§ **EXERCISE PROMPT**
No pictures should appear in the copy; otherwise retype the entries exactly.

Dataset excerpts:
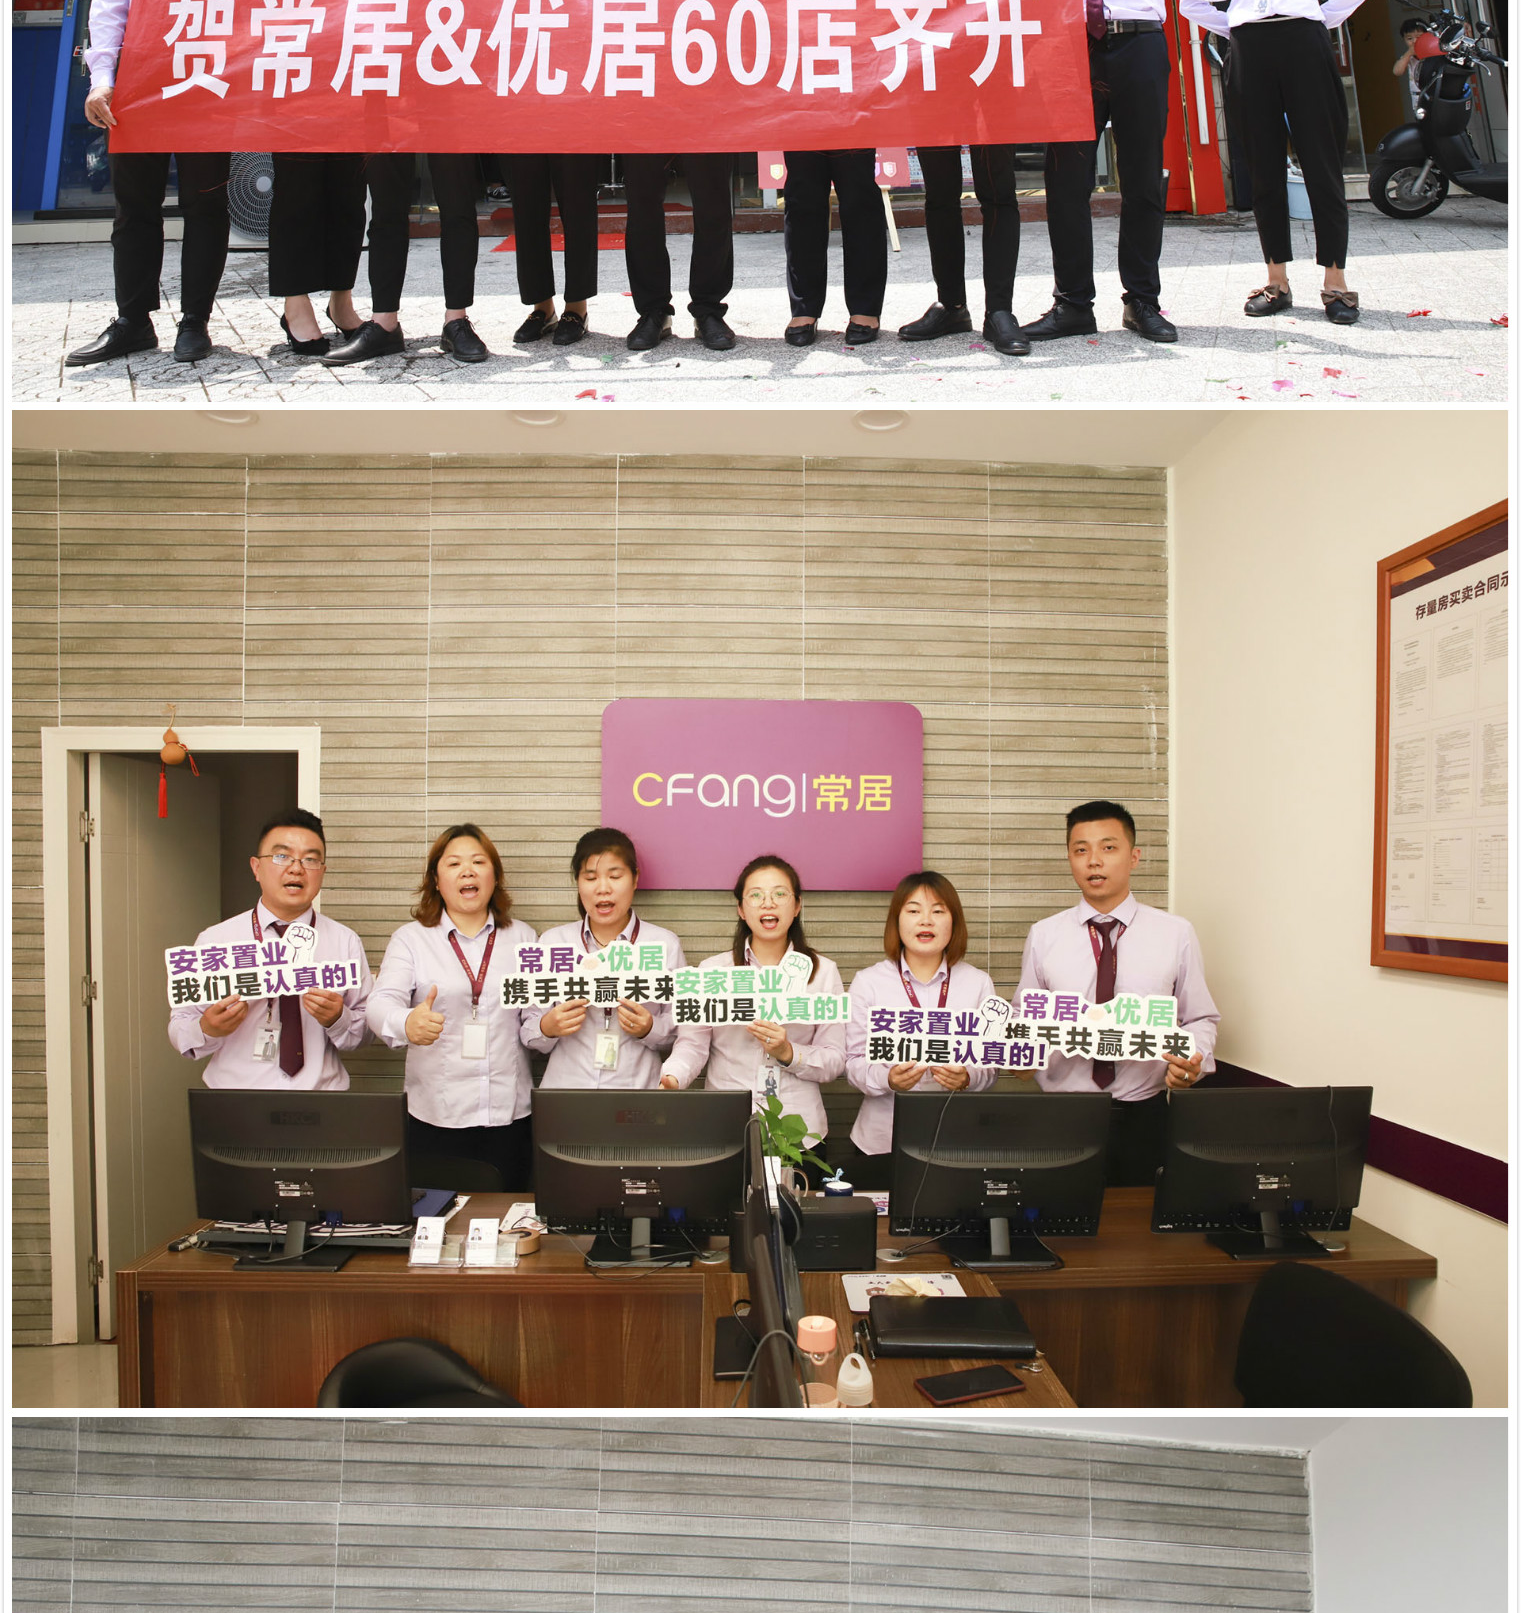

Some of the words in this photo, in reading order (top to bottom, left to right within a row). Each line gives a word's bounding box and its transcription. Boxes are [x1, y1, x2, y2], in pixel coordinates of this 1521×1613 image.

[812, 774, 893, 812] 常居
[169, 941, 288, 975] 安家置业
[518, 947, 574, 974] 常居
[608, 945, 664, 972] 优居
[503, 976, 674, 1005] 携手共赢未来
[676, 969, 784, 995] 安家置业
[870, 1008, 980, 1036] 安家置业
[1023, 993, 1080, 1023] 常居
[1114, 997, 1175, 1027] 优居
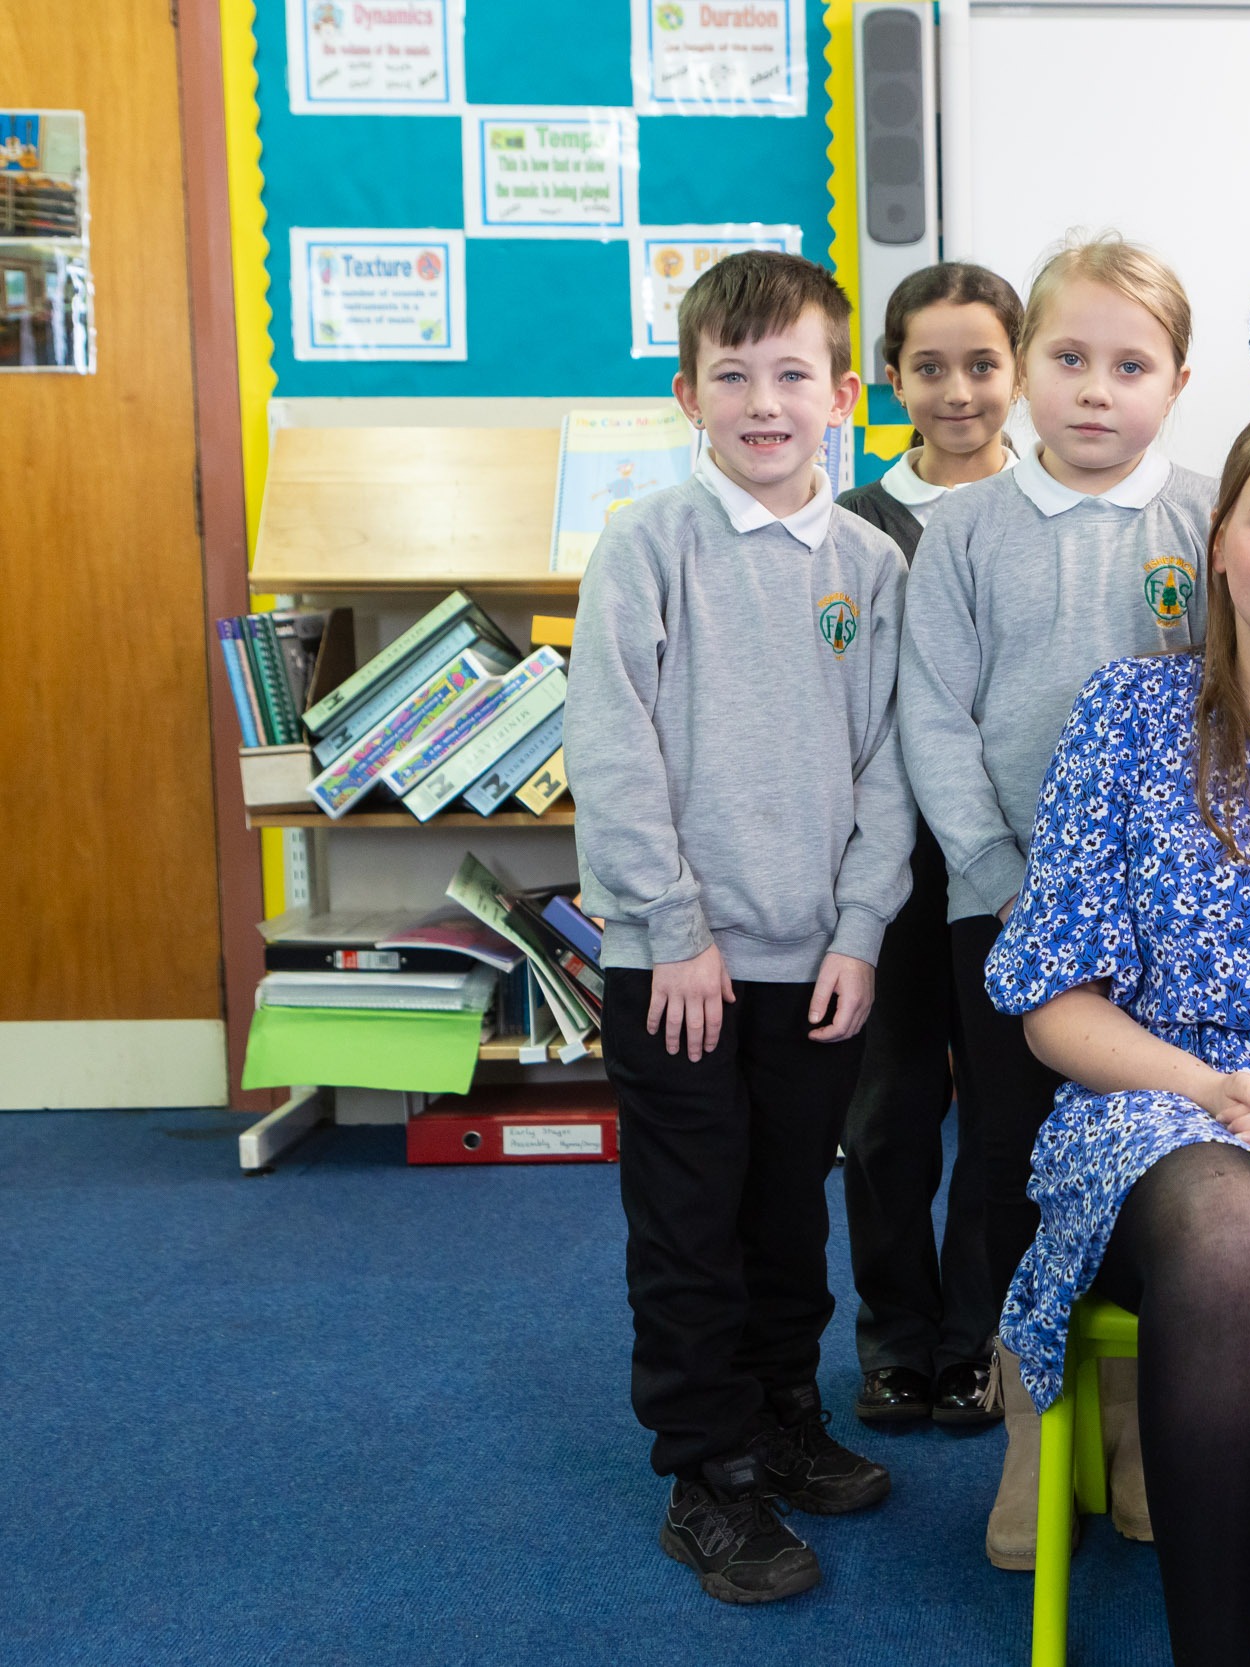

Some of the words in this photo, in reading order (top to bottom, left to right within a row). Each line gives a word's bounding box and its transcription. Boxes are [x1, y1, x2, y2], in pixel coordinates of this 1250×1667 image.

[353, 3, 433, 31] Dynamics
[700, 4, 778, 28] Duration
[341, 254, 412, 278] Texture
[1150, 580, 1163, 604] F
[825, 615, 837, 639] F
[843, 619, 854, 643] S
[509, 1127, 535, 1138] Early
[511, 1139, 550, 1149] Assembly
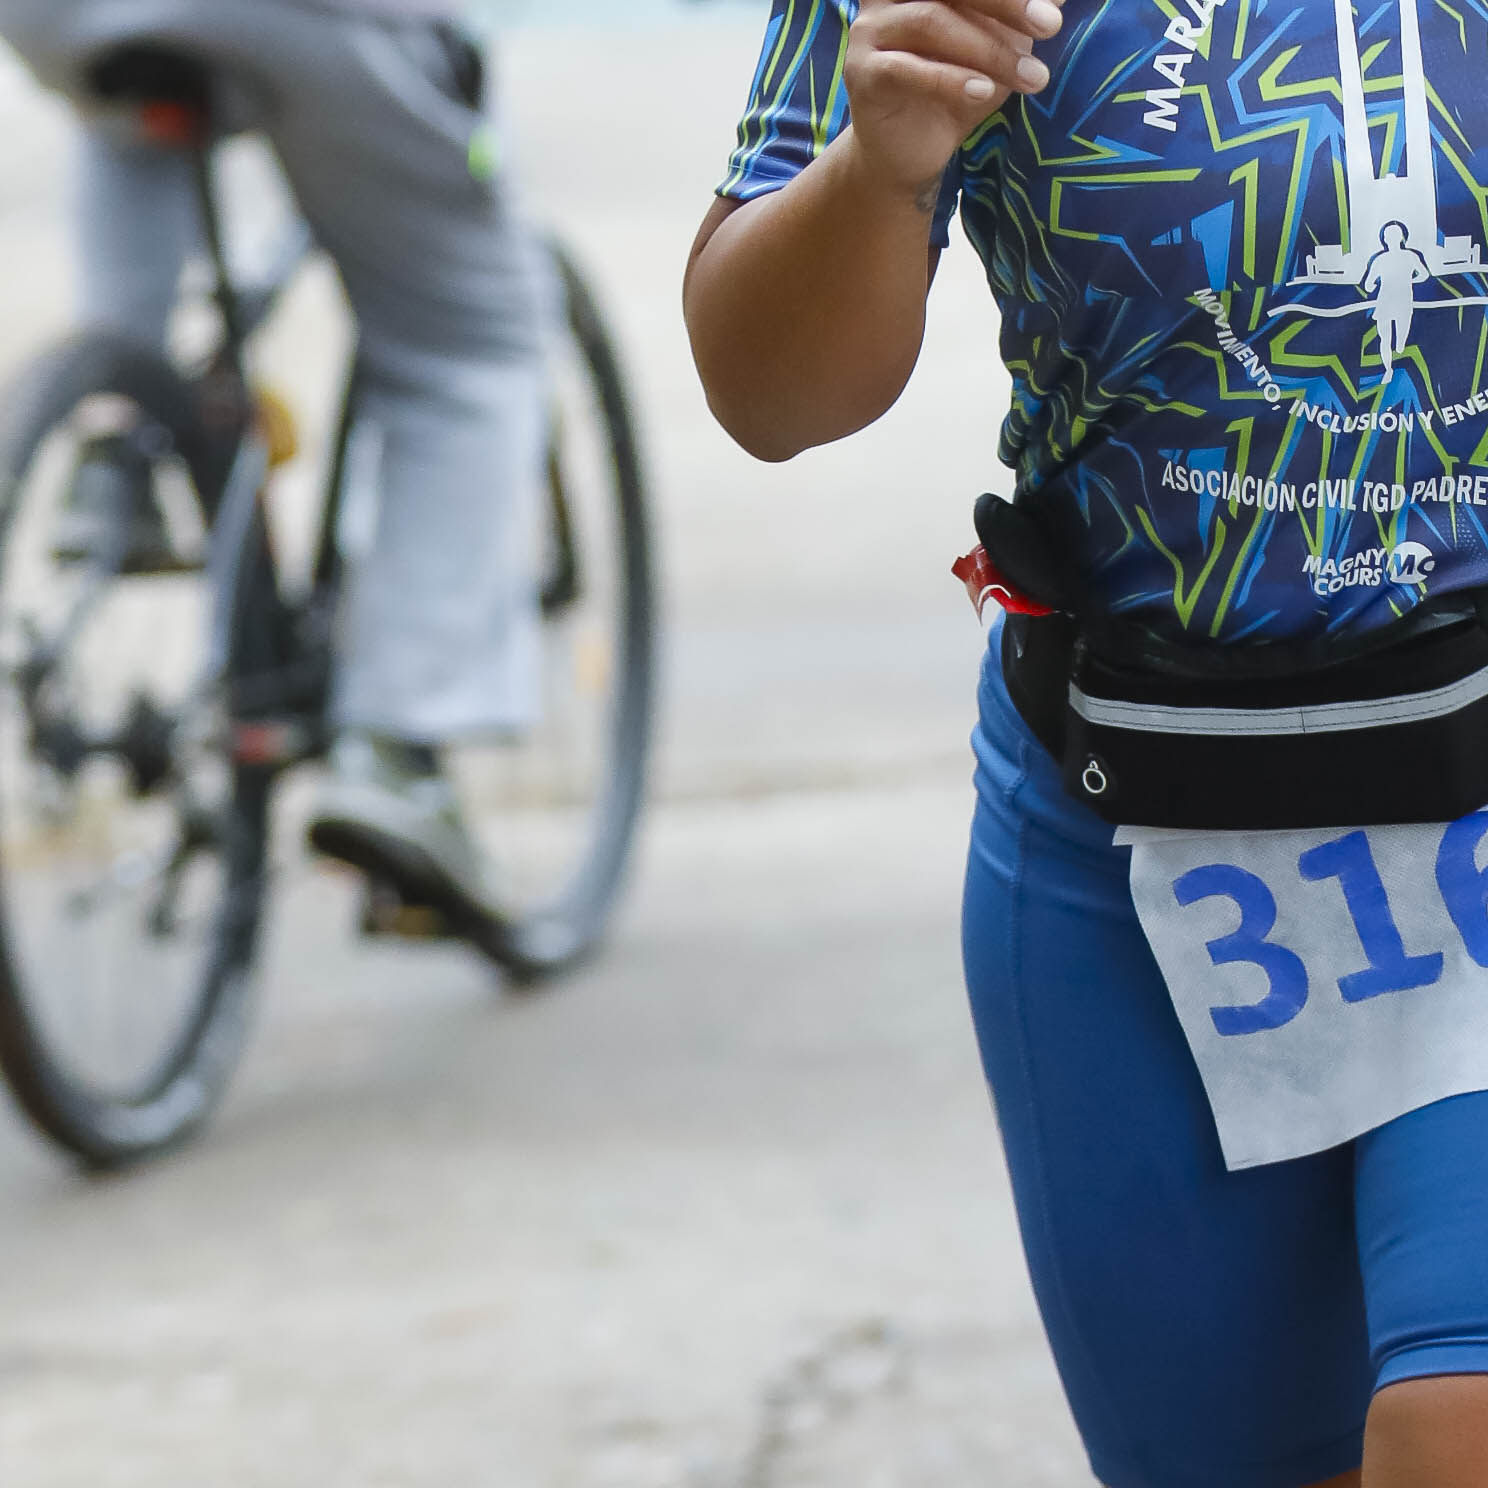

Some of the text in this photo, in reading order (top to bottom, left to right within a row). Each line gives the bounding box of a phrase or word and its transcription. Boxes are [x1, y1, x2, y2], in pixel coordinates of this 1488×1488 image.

[1288, 399, 1414, 433] INCLUSIÓN
[1418, 410, 1434, 431] Y
[1161, 460, 1296, 512] ASOCIACIÓN
[1302, 478, 1357, 512] CIVIL
[1362, 481, 1406, 513] TGD
[1302, 548, 1386, 578] MAGNY
[1314, 568, 1383, 595] COURS
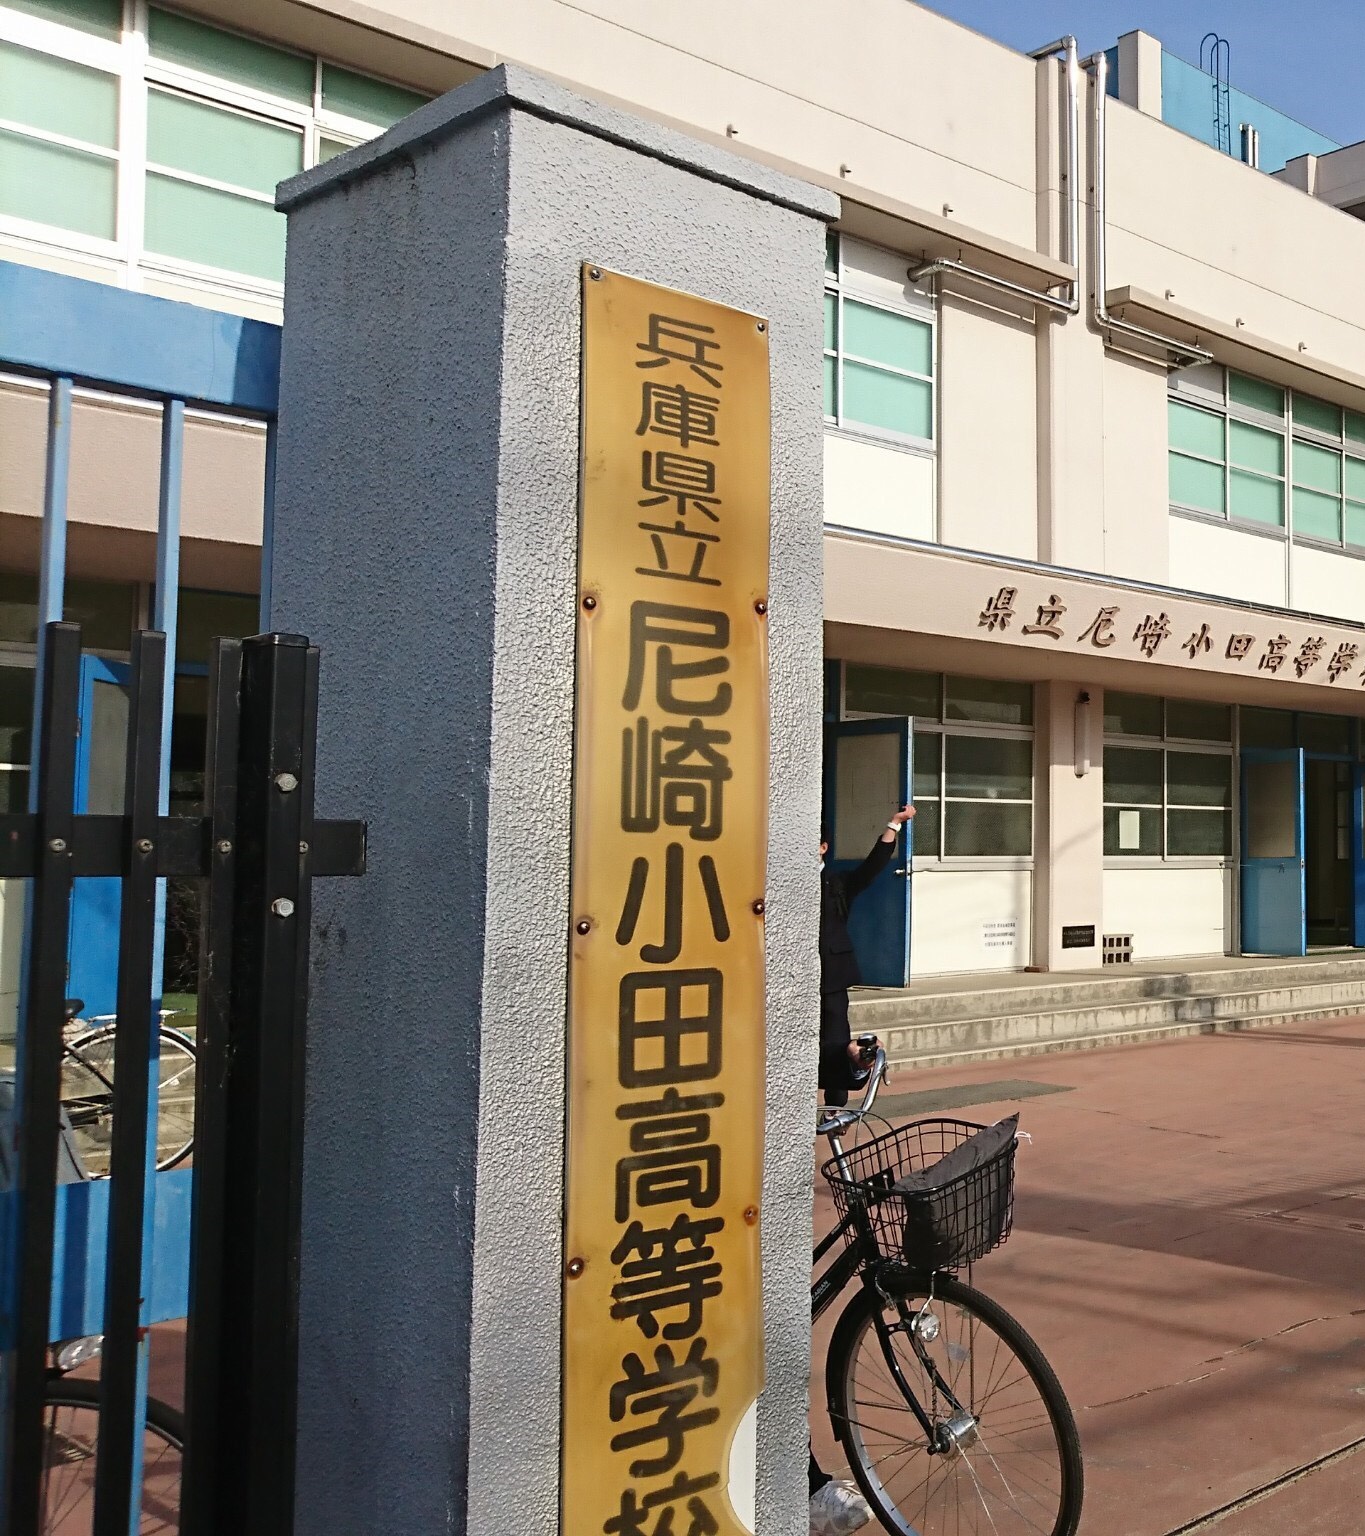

§ **ANSWER SPACE**
Some of the words in this photo, in reading order (top to bottom, left to right within a row). Each line gives a word's bounding box and its transcription. Boxes are [x1, y1, x2, y2], in pixel coordinates of this 1521×1613 image.

[812, 774, 893, 812] 常居
[169, 941, 288, 975] 安家置业
[518, 947, 574, 974] 常居
[608, 945, 664, 972] 优居
[503, 976, 674, 1005] 携手共赢未来
[676, 969, 784, 995] 安家置业
[870, 1008, 980, 1036] 安家置业
[1023, 993, 1080, 1023] 常居
[1114, 997, 1175, 1027] 优居

Some of the words in this photo, in reading order (top to bottom, left to right within a row). Each line gives a word's bounding box and its transcription. Boxes are [x1, y1, x2, y2], in pixel coordinates of this 1250×1667 image.

[353, 3, 433, 31] Dynamics
[700, 4, 778, 28] Duration
[341, 254, 412, 278] Texture
[1150, 580, 1163, 604] F
[825, 615, 837, 639] F
[843, 619, 854, 643] S
[509, 1127, 535, 1138] Early
[511, 1139, 550, 1149] Assembly

Some of the text in this photo, in reading order (top to bottom, left to right within a row). Each line gives the bounding box of a phrase or word and its transcription. Boxes are [x1, y1, x2, y2], in pixel coordinates of this 1488×1488 image.

[1288, 399, 1414, 433] INCLUSIÓN
[1418, 410, 1434, 431] Y
[1161, 460, 1296, 512] ASOCIACIÓN
[1302, 478, 1357, 512] CIVIL
[1362, 481, 1406, 513] TGD
[1302, 548, 1386, 578] MAGNY
[1314, 568, 1383, 595] COURS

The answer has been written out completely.